[Collected data]
● ● ● ● ● ● ●

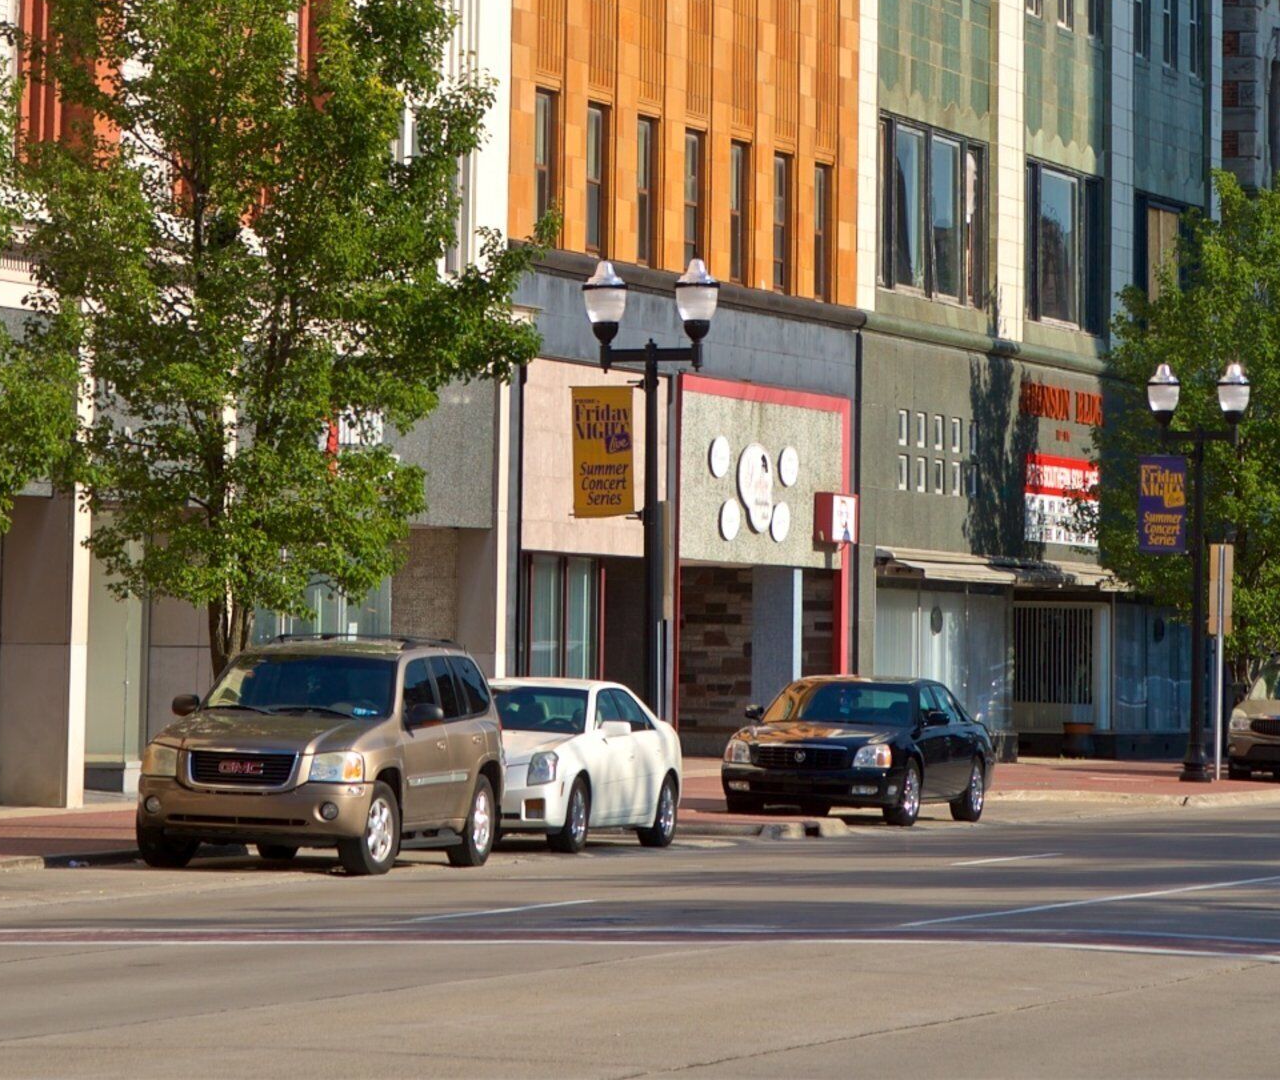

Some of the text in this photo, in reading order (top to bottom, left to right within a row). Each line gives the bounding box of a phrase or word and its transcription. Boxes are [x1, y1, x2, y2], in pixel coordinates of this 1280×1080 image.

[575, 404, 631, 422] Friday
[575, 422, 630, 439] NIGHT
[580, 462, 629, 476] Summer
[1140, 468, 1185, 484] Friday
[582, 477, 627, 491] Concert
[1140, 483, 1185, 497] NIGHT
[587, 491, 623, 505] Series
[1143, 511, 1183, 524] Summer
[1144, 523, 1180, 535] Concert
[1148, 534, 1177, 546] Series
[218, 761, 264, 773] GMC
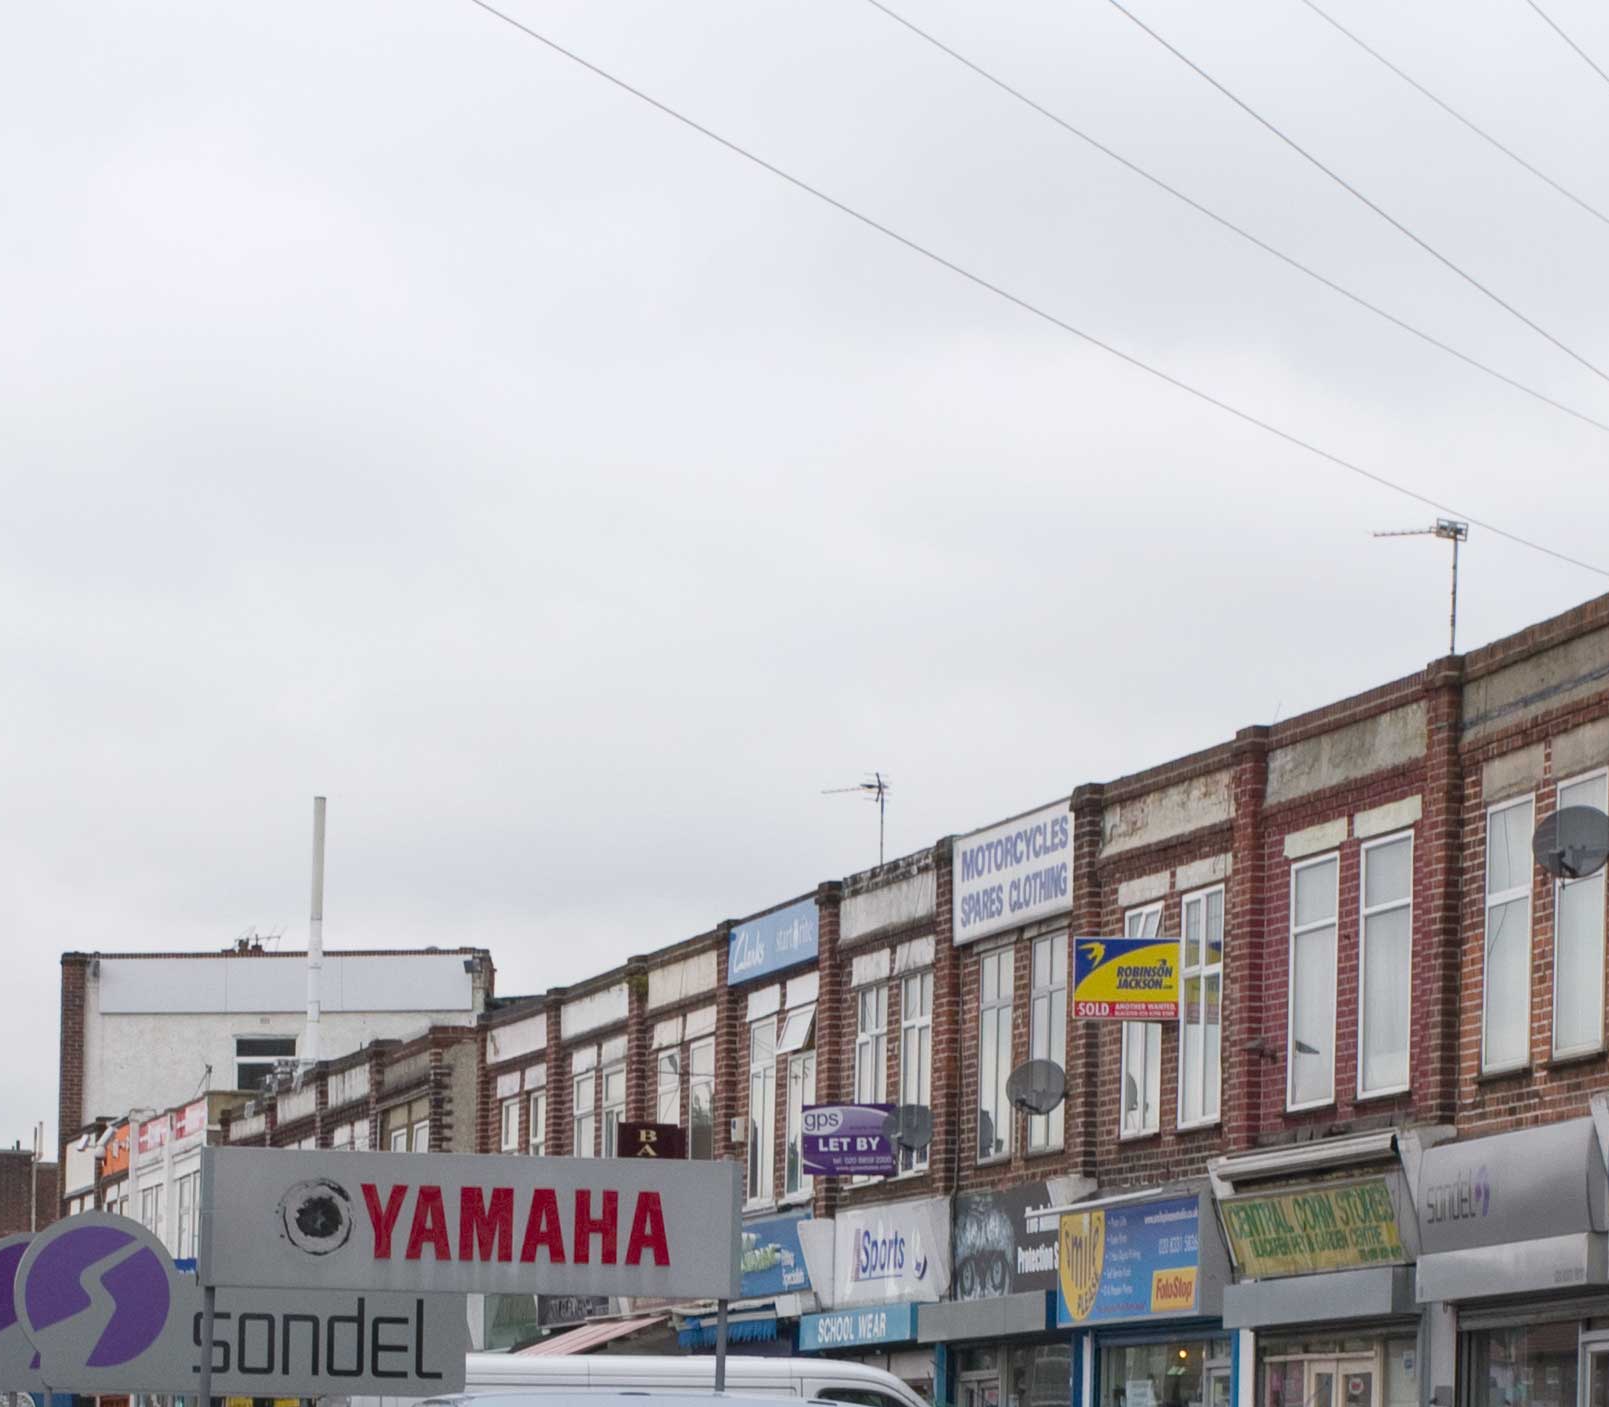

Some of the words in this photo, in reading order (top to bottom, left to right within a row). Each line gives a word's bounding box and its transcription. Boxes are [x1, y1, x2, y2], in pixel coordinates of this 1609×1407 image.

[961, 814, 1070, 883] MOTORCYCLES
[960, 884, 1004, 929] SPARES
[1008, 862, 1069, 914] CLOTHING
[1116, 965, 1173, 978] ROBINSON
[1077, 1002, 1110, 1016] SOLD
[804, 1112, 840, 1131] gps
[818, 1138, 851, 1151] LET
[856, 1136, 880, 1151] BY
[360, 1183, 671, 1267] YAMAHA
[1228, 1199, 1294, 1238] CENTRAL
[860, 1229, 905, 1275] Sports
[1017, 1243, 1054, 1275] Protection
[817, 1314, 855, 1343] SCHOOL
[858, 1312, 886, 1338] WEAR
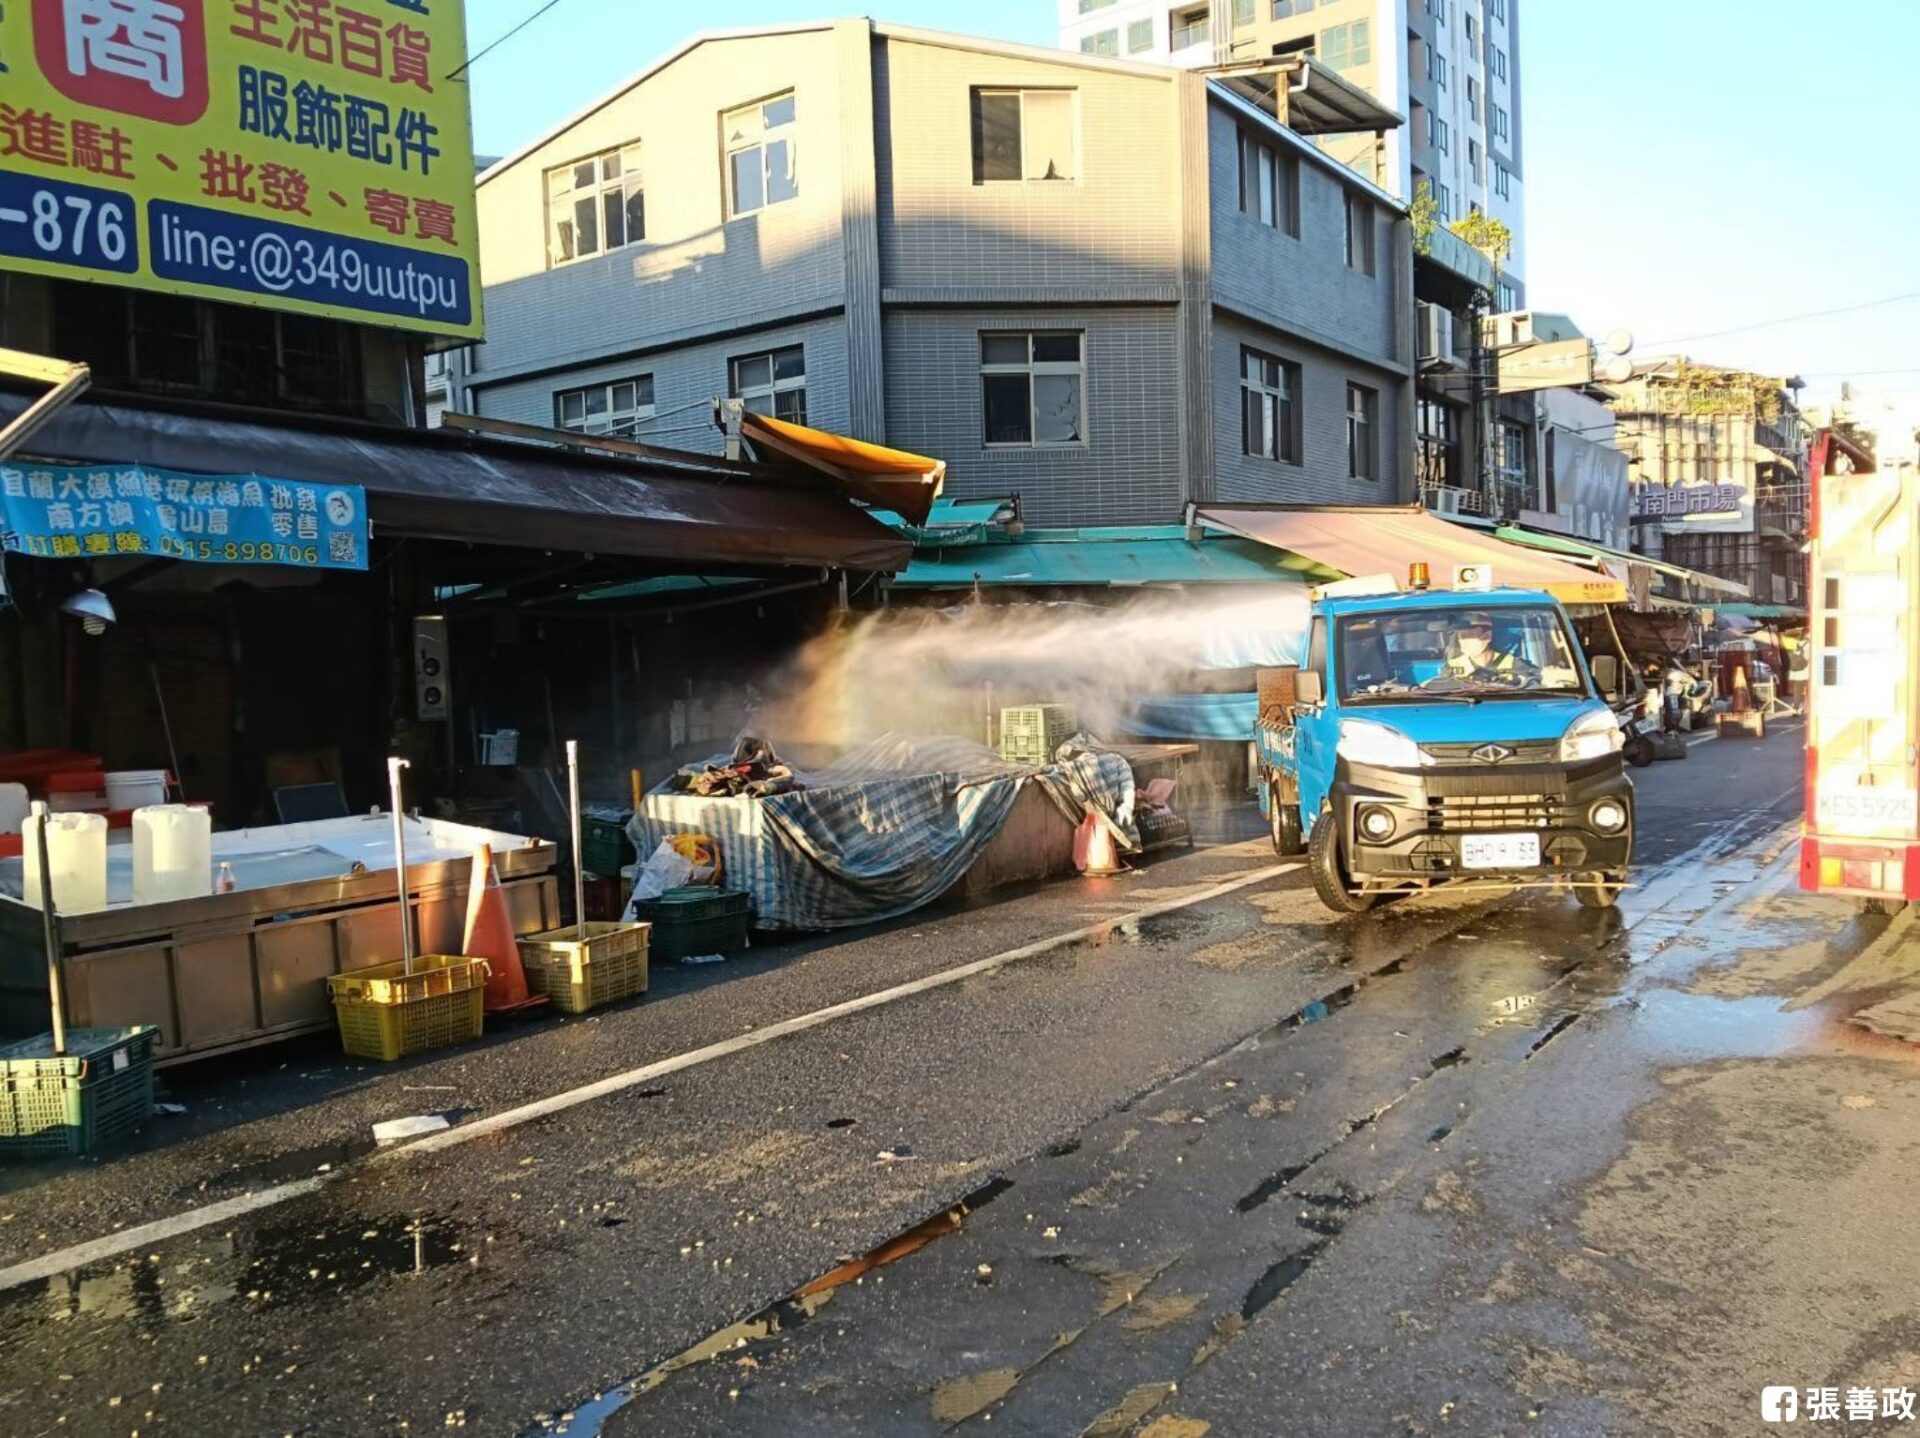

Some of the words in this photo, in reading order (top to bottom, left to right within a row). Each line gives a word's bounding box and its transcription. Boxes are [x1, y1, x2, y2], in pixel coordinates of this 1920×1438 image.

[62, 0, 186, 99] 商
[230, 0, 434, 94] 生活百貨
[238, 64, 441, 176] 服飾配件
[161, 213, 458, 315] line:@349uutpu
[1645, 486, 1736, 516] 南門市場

● ● ● ● ● ● ●

:: TASK TO COMPLETE ::
Would you please repeat all the data word for word, but without the pictures?

:: RESPONSE BELOW ::
Some of the text in this photo, in reading order (top to bottom, left to right within a row). Each line gives the bounding box of a phrase or word and its transcription. Boxes are [x1, y1, x2, y2], in pixel coordinates of this 1280×1080 image.

[575, 404, 631, 422] Friday
[575, 422, 630, 439] NIGHT
[580, 462, 629, 476] Summer
[1140, 468, 1185, 484] Friday
[582, 477, 627, 491] Concert
[1140, 483, 1185, 497] NIGHT
[587, 491, 623, 505] Series
[1143, 511, 1183, 524] Summer
[1144, 523, 1180, 535] Concert
[1148, 534, 1177, 546] Series
[218, 761, 264, 773] GMC

Some of the words in this photo, in reading order (top to bottom, left to right within a row). Each line gives a word's bounding box and its transcription. Boxes are [x1, y1, x2, y2], in pixel coordinates of this 1609×1407 image.

[961, 814, 1070, 883] MOTORCYCLES
[960, 884, 1004, 929] SPARES
[1008, 862, 1069, 914] CLOTHING
[1116, 965, 1173, 978] ROBINSON
[1077, 1002, 1110, 1016] SOLD
[804, 1112, 840, 1131] gps
[818, 1138, 851, 1151] LET
[856, 1136, 880, 1151] BY
[360, 1183, 671, 1267] YAMAHA
[1228, 1199, 1294, 1238] CENTRAL
[860, 1229, 905, 1275] Sports
[1017, 1243, 1054, 1275] Protection
[817, 1314, 855, 1343] SCHOOL
[858, 1312, 886, 1338] WEAR

Some of the words in this photo, in reading order (top to bottom, left to right within a row). Each line gives a word's bounding box and its transcription. Boxes are [x1, y1, x2, y2], in pixel coordinates of this 1920×1438 image.

[62, 0, 186, 99] 商
[230, 0, 434, 94] 生活百貨
[238, 64, 441, 176] 服飾配件
[161, 213, 458, 315] line:@349uutpu
[1645, 486, 1736, 516] 南門市場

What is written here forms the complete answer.